--- START ---

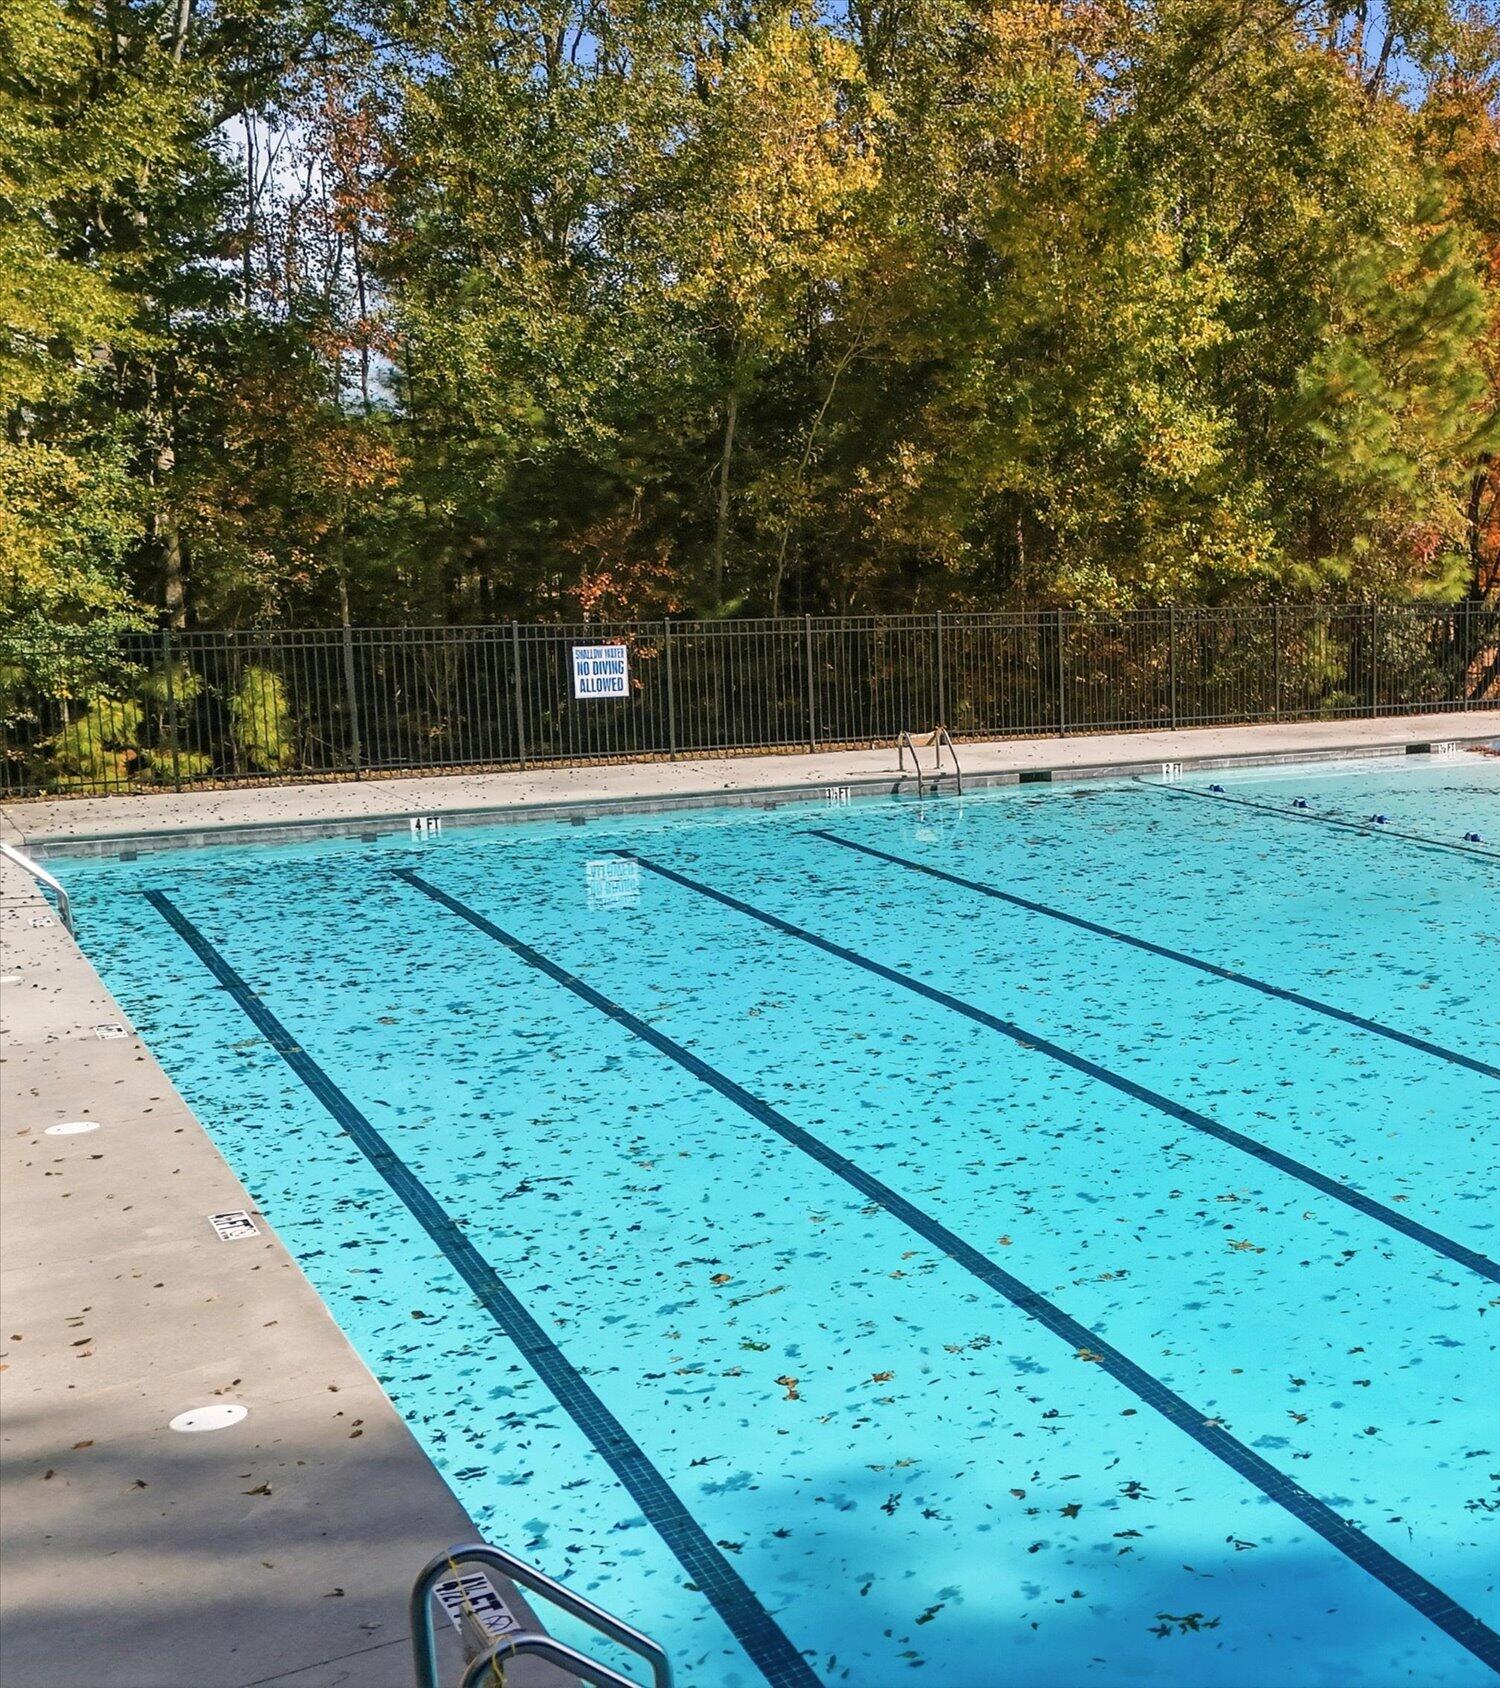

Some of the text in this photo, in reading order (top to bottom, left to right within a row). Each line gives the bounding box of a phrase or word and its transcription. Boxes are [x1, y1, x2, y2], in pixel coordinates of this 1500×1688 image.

[577, 660, 625, 676] NO DIVING
[580, 677, 624, 693] ALLOWED
[1165, 763, 1171, 774] 2
[839, 786, 849, 799] FT
[415, 817, 440, 831] 4 FT

--- END ---

## ASSIGNED TASK
What you return must match the records above exactly, minus any images.

## RESPONSE FOR THIS EXERCISE
Some of the text in this photo, in reading order (top to bottom, left to right within a row). Each line gives the bounding box of a phrase or word and its transcription. Boxes are [x1, y1, x2, y2], in pixel coordinates of this 1500×1688 image.

[577, 660, 625, 676] NO DIVING
[580, 677, 624, 693] ALLOWED
[1165, 763, 1171, 774] 2
[839, 786, 849, 799] FT
[415, 817, 440, 831] 4 FT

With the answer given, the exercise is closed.